WORK ORDER:
In your copy, leave out all pictures and reproduce every entry exactly.
[Start of Attachment]
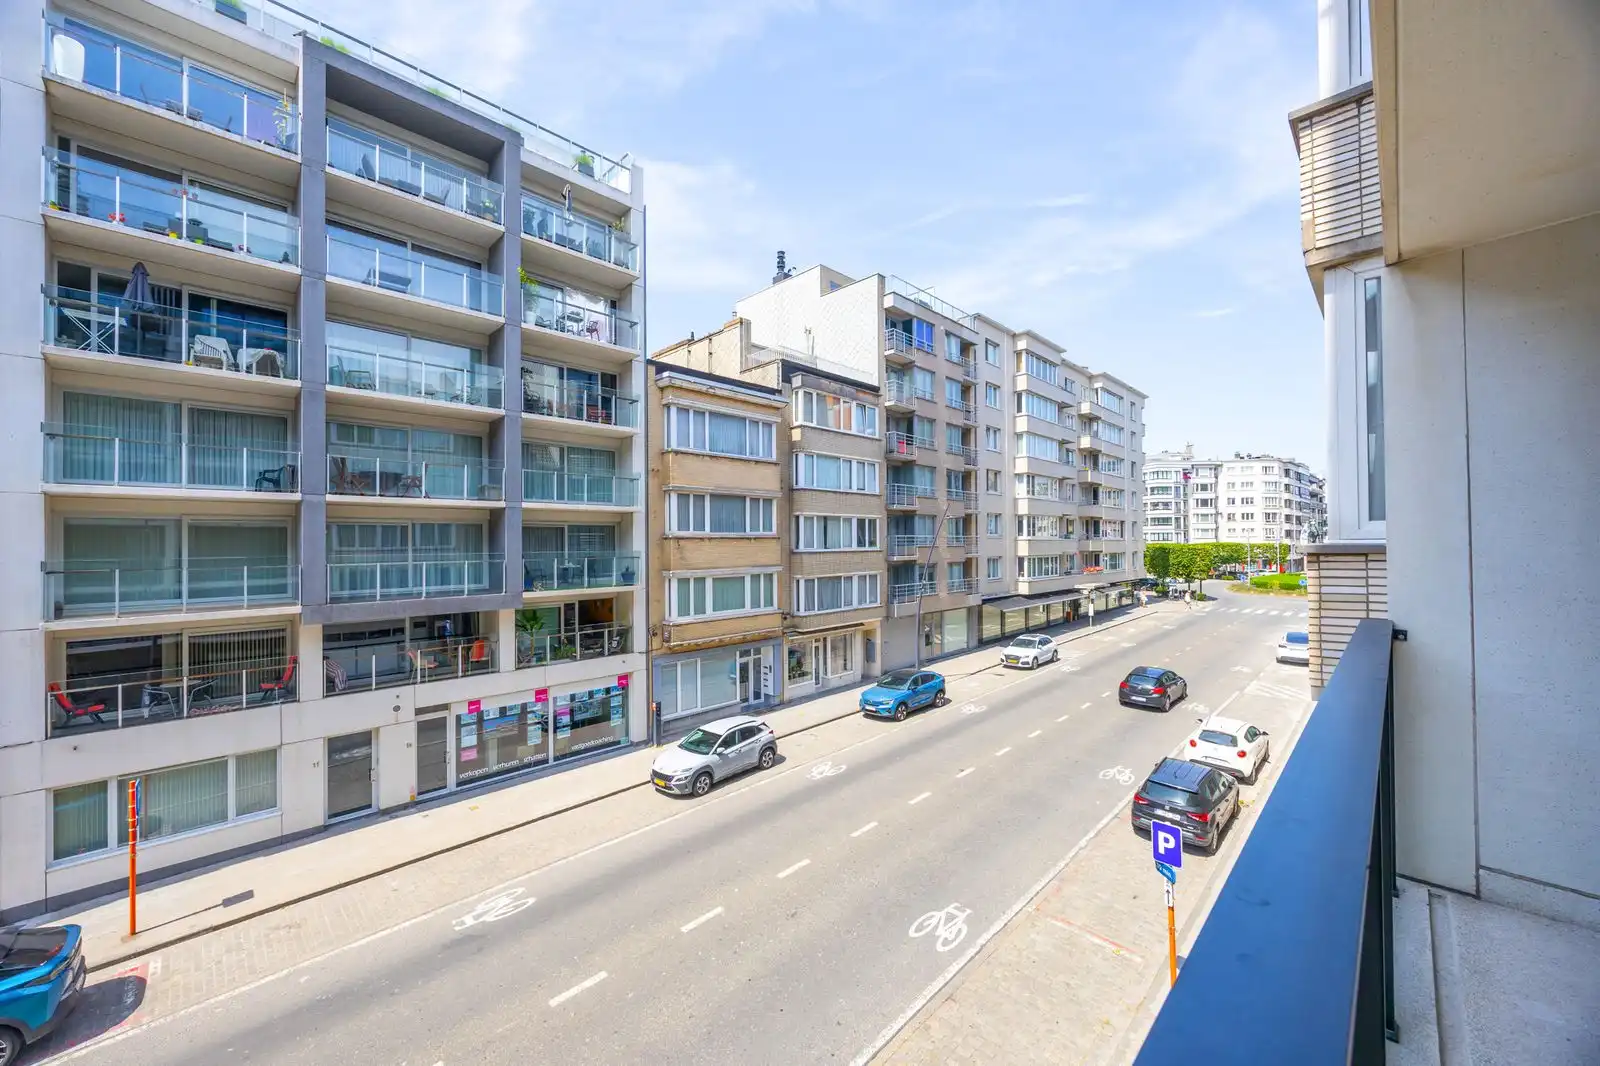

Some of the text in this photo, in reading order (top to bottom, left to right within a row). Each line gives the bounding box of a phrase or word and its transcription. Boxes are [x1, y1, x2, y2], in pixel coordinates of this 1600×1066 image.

[459, 767, 489, 778] verkopen
[493, 759, 519, 770] verhuren
[1158, 831, 1176, 855] P
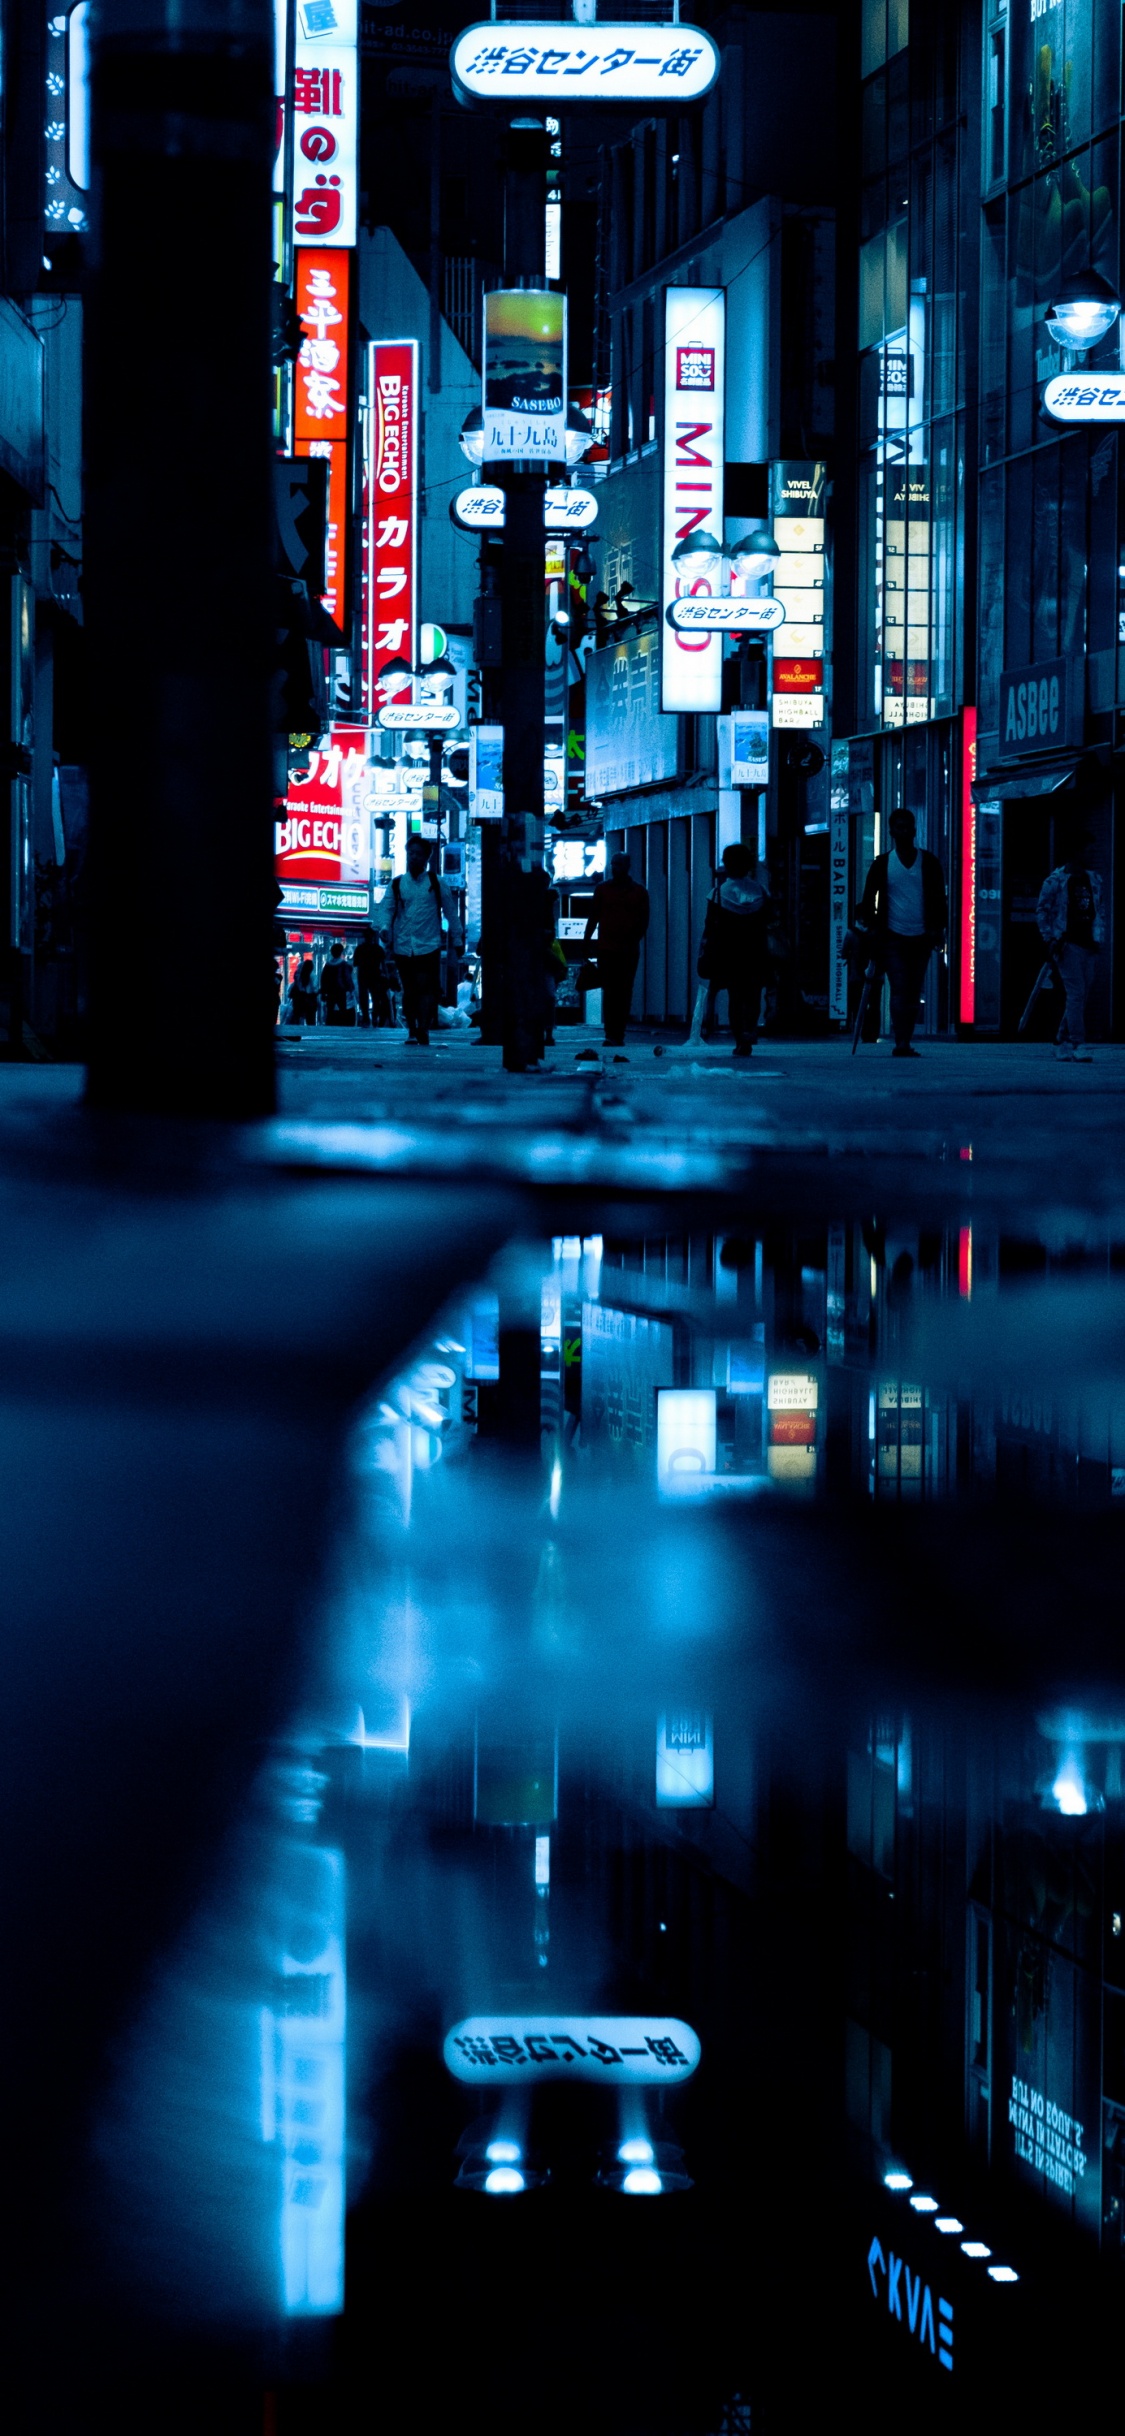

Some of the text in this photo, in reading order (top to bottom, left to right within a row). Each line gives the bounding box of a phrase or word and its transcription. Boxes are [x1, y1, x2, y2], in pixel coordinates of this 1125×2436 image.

[465, 46, 703, 77] 渋谷センター街
[680, 353, 711, 365] MINI
[511, 396, 561, 411] SASEBO
[1052, 387, 1125, 405] 渋谷セ
[378, 375, 401, 493] BIG ECHO
[490, 426, 558, 448] 九十九島
[781, 489, 818, 499] SHIBUYA
[787, 480, 812, 490] VIVEL
[677, 607, 778, 620] 渋谷センター街
[1005, 676, 1059, 742] ASBee
[275, 817, 311, 856] BIG
[313, 821, 365, 861] ECHO
[End of Attachment]
THE COMPLETED TASK:
Some of the text in this photo, in reading order (top to bottom, left to right within a row). Each line gives the bounding box of a phrase or word and its transcription. Boxes are [x1, y1, x2, y2], in pixel coordinates of this 1600×1066 image.

[459, 767, 489, 778] verkopen
[493, 759, 519, 770] verhuren
[1158, 831, 1176, 855] P

Some of the text in this photo, in reading order (top to bottom, left to right within a row). Each line gives the bounding box of a phrase or word and its transcription. Boxes are [x1, y1, x2, y2], in pixel coordinates of this 1125×2436 image.

[465, 46, 703, 77] 渋谷センター街
[680, 353, 711, 365] MINI
[511, 396, 561, 411] SASEBO
[1052, 387, 1125, 405] 渋谷セ
[378, 375, 401, 493] BIG ECHO
[490, 426, 558, 448] 九十九島
[781, 489, 818, 499] SHIBUYA
[787, 480, 812, 490] VIVEL
[677, 607, 778, 620] 渋谷センター街
[1005, 676, 1059, 742] ASBee
[275, 817, 311, 856] BIG
[313, 821, 365, 861] ECHO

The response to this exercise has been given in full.